*WHAT IS NEEDED*: Could every line of the listing be output exactly, with the pictures skipped?

*DATA*:

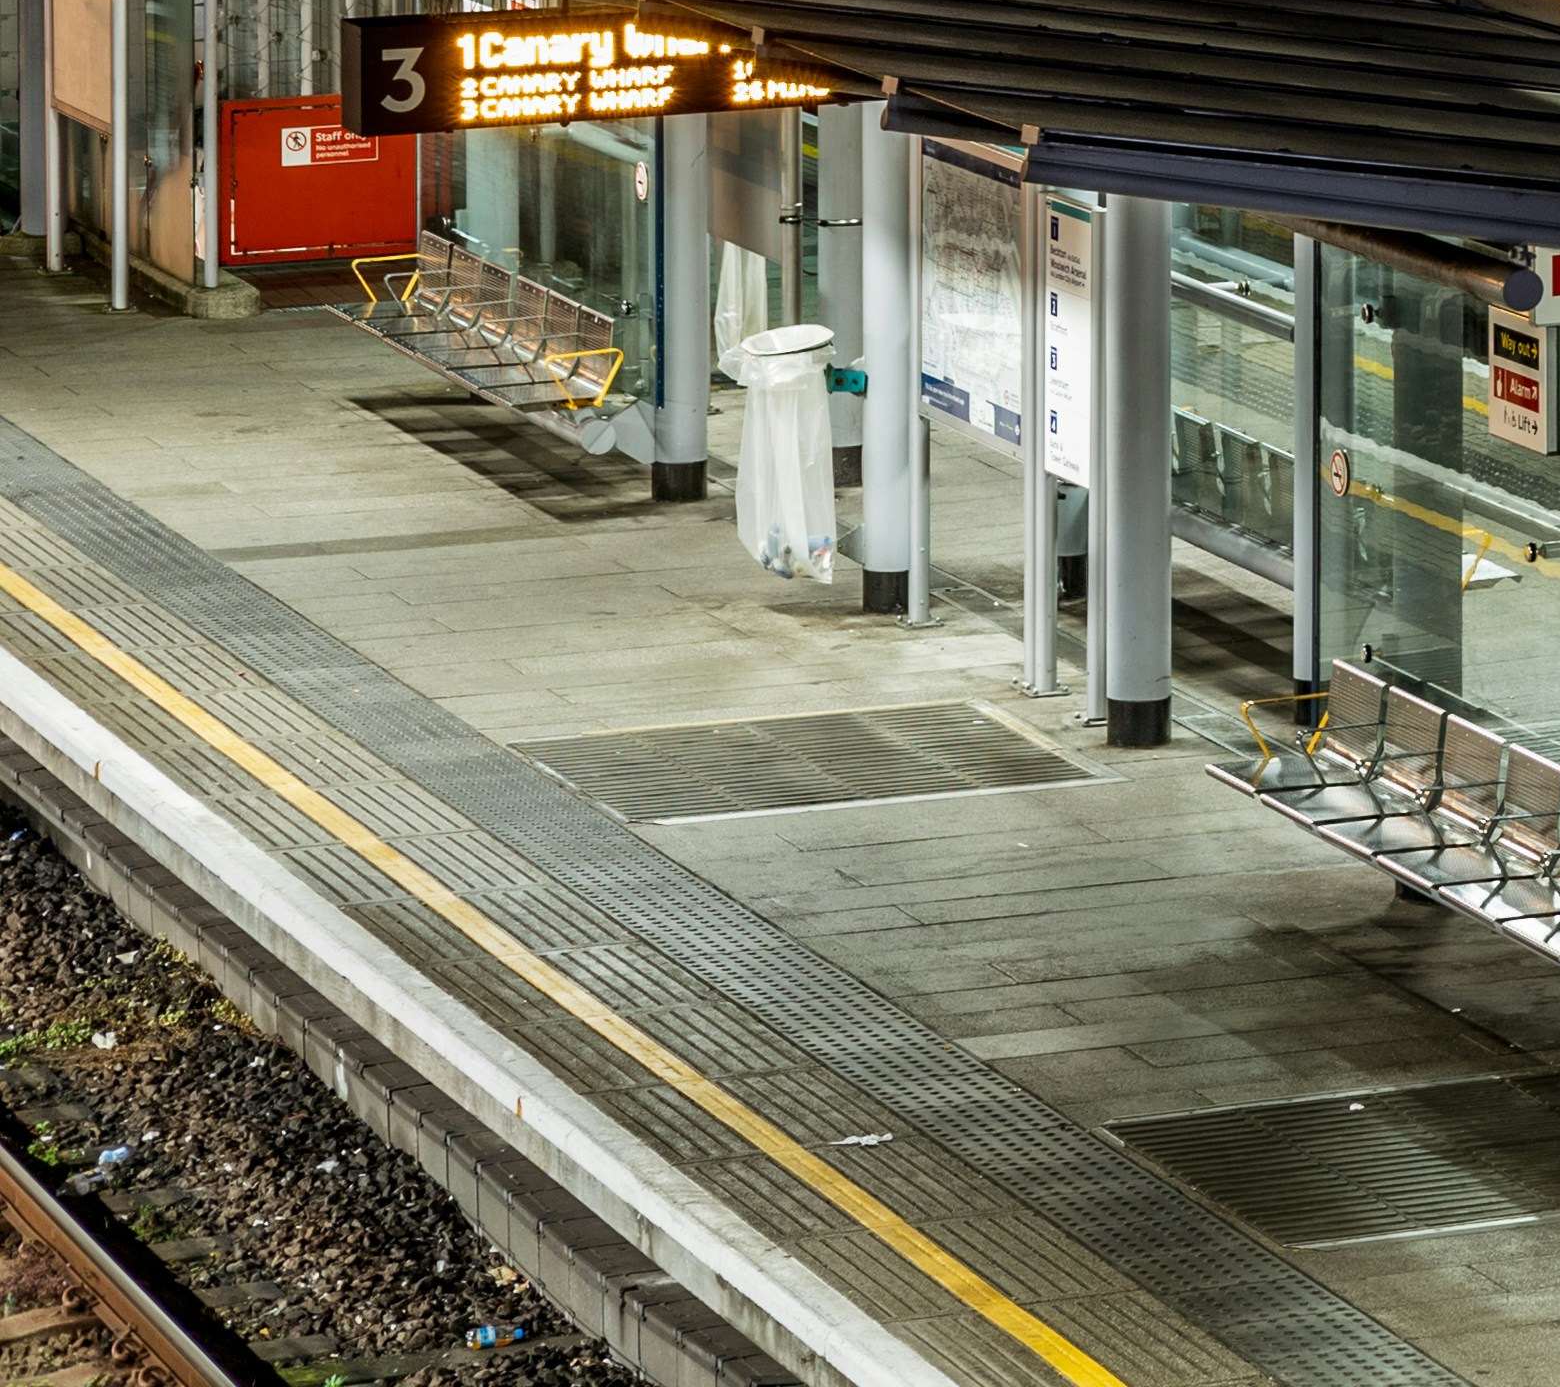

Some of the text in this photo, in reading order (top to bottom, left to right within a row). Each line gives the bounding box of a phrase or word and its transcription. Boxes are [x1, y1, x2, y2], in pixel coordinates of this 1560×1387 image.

[457, 31, 614, 70] 1 Canary
[380, 47, 425, 113] 3
[461, 78, 478, 99] 2
[479, 72, 581, 97] CANARY
[590, 65, 674, 88] WHARF
[461, 100, 478, 120] 3
[479, 94, 581, 119] CANARY
[590, 87, 674, 112] WHARF
[316, 131, 342, 142] Staff
[327, 142, 371, 151] unauthorised
[316, 150, 349, 159] personnel
[1501, 331, 1531, 358] Way out
[1509, 377, 1532, 400] Alarm
[1517, 414, 1532, 434] Lift
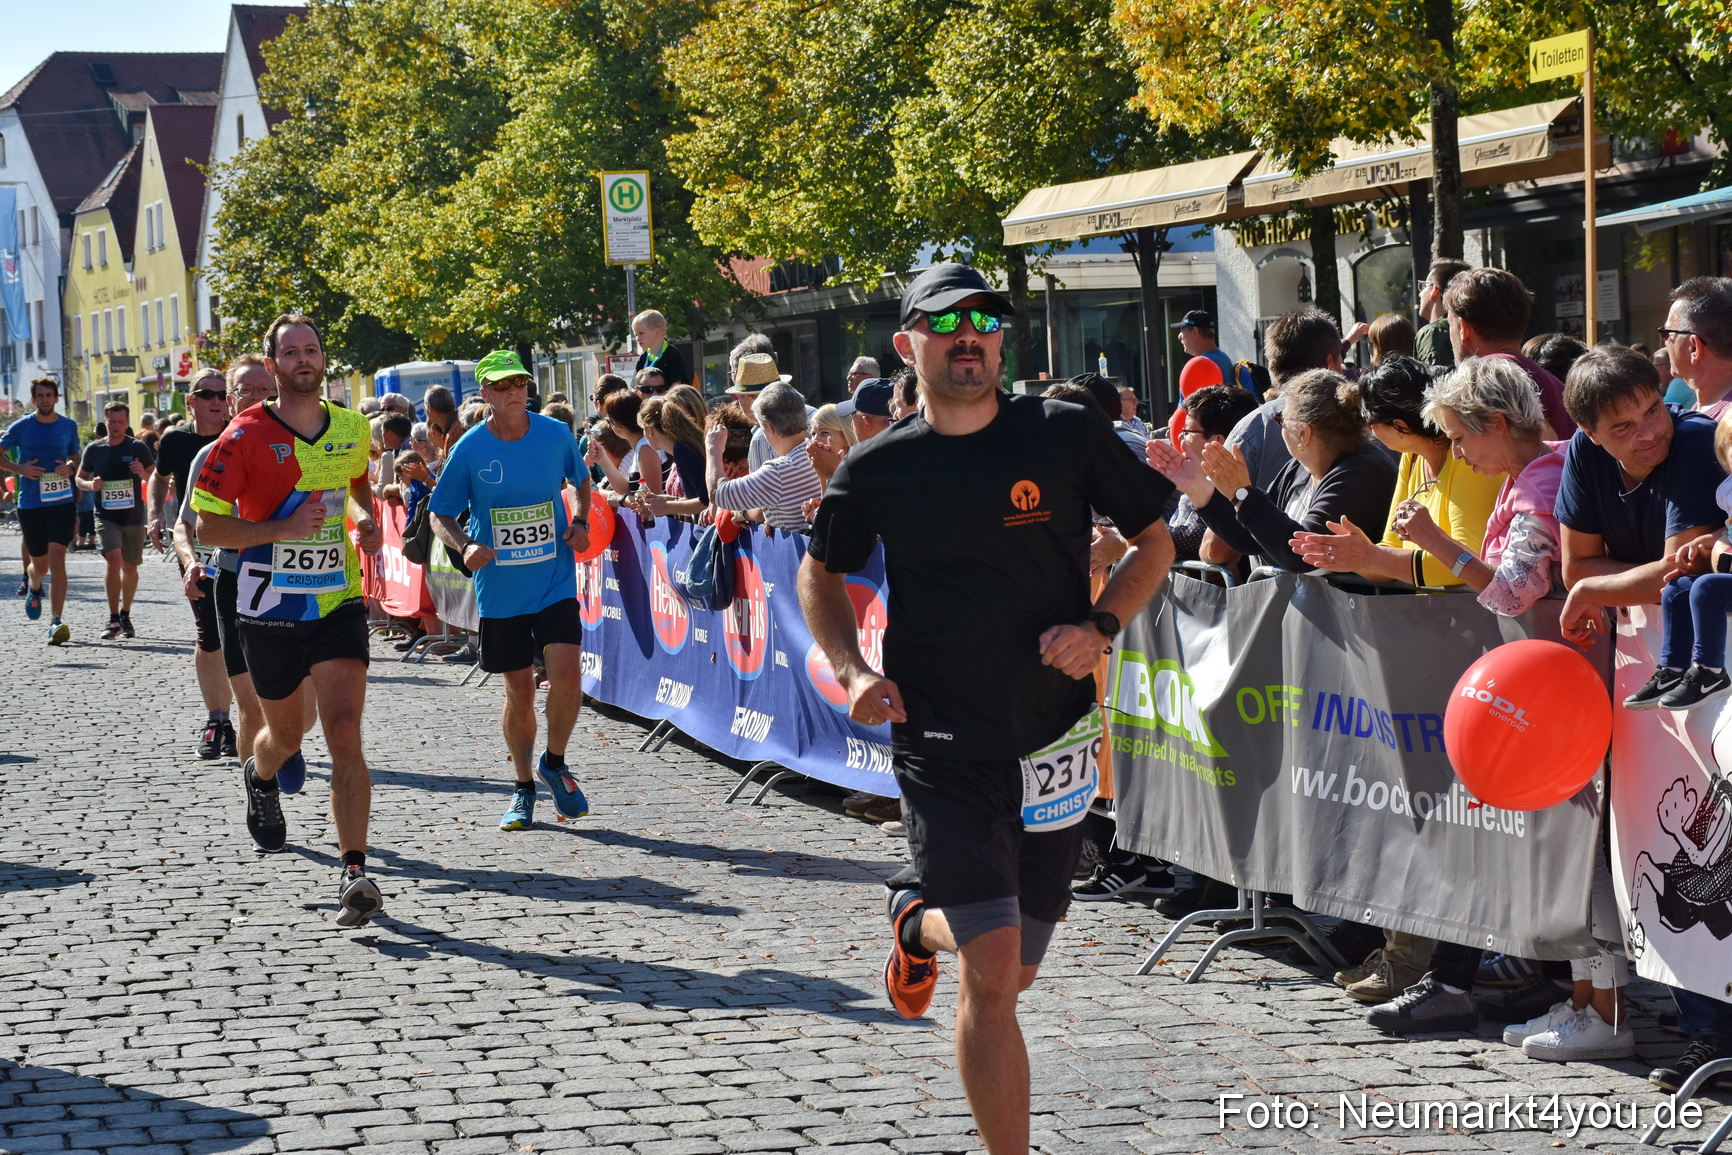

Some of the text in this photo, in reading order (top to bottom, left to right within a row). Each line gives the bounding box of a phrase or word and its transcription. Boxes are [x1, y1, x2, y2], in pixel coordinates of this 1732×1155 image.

[1541, 47, 1583, 68] Toiletten
[617, 185, 635, 206] H
[612, 216, 642, 224] Marktplatz
[44, 480, 68, 492] 2818
[105, 490, 131, 500] 2594
[496, 506, 550, 524] BOCK
[500, 523, 550, 546] 2639
[282, 548, 339, 570] 2679
[511, 547, 544, 559] KLAUS
[604, 549, 619, 562] STORE
[248, 568, 272, 611] 7
[287, 574, 336, 586] CRISTOPH
[653, 564, 688, 628] Hervis
[602, 604, 622, 621] MOBILE
[723, 588, 765, 651] Hervis
[655, 676, 673, 705] GET
[1312, 691, 1446, 753] INDUSTR
[1489, 708, 1526, 733] energie
[923, 731, 953, 741] SPIRO
[846, 736, 867, 769] GET
[1169, 748, 1177, 770] by
[1033, 787, 1091, 822] CHRIST
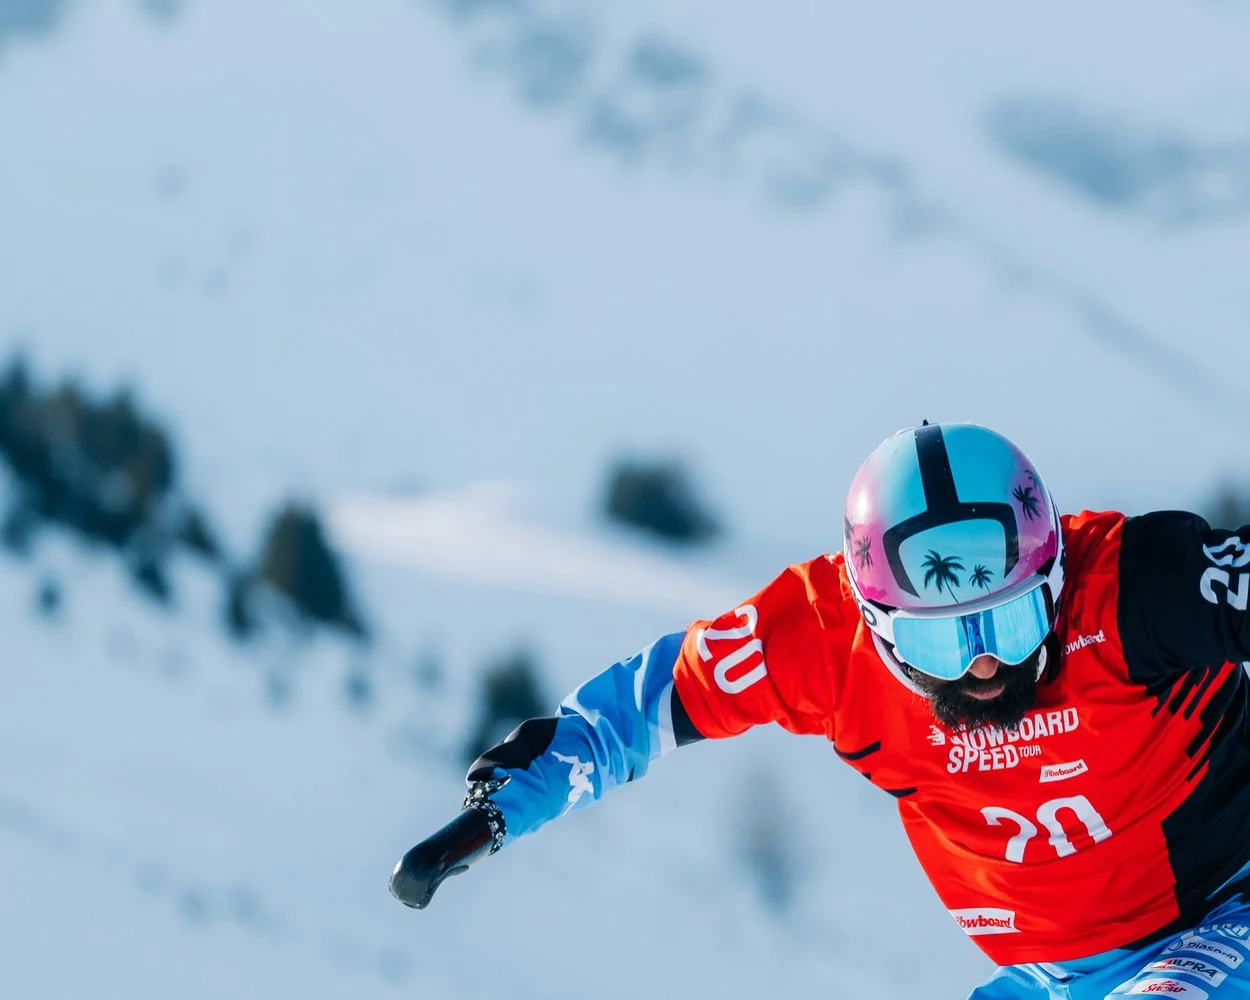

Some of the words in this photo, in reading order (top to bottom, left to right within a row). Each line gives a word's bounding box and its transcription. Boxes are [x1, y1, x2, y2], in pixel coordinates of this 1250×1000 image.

[697, 604, 767, 694] 20
[947, 744, 1019, 774] SPEED
[1018, 744, 1042, 758] TOUR

*RESULT OF THE EXERCISE*:
Some of the text in this photo, in reading order (top to bottom, left to right within a row). Each line gives the bounding box of a phrase or word and its transcription. Boxes are [x1, y1, x2, y2], in pixel coordinates of this 1560×1387 image.

[457, 31, 614, 70] 1 Canary
[380, 47, 425, 113] 3
[461, 78, 478, 99] 2
[479, 72, 581, 97] CANARY
[590, 65, 674, 88] WHARF
[461, 100, 478, 120] 3
[479, 94, 581, 119] CANARY
[590, 87, 674, 112] WHARF
[316, 131, 342, 142] Staff
[327, 142, 371, 151] unauthorised
[316, 150, 349, 159] personnel
[1501, 331, 1531, 358] Way out
[1509, 377, 1532, 400] Alarm
[1517, 414, 1532, 434] Lift

Some of the text in this photo, in reading order (top to bottom, left to right within a row). Each line gives the bounding box of a phrase or word and its transcription. Boxes are [x1, y1, x2, y2], in pixel coordinates of this 1732×1155 image.

[1541, 47, 1583, 68] Toiletten
[617, 185, 635, 206] H
[612, 216, 642, 224] Marktplatz
[44, 480, 68, 492] 2818
[105, 490, 131, 500] 2594
[496, 506, 550, 524] BOCK
[500, 523, 550, 546] 2639
[282, 548, 339, 570] 2679
[511, 547, 544, 559] KLAUS
[604, 549, 619, 562] STORE
[248, 568, 272, 611] 7
[287, 574, 336, 586] CRISTOPH
[653, 564, 688, 628] Hervis
[602, 604, 622, 621] MOBILE
[723, 588, 765, 651] Hervis
[655, 676, 673, 705] GET
[1312, 691, 1446, 753] INDUSTR
[1489, 708, 1526, 733] energie
[923, 731, 953, 741] SPIRO
[846, 736, 867, 769] GET
[1169, 748, 1177, 770] by
[1033, 787, 1091, 822] CHRIST

Some of the words in this photo, in reading order (top to bottom, left to right within a row). Each line gives a word's bounding box and its transcription. Boxes are [x1, y1, x2, y2], in pixel coordinates of this 1250×1000 image.

[697, 604, 767, 694] 20
[947, 744, 1019, 774] SPEED
[1018, 744, 1042, 758] TOUR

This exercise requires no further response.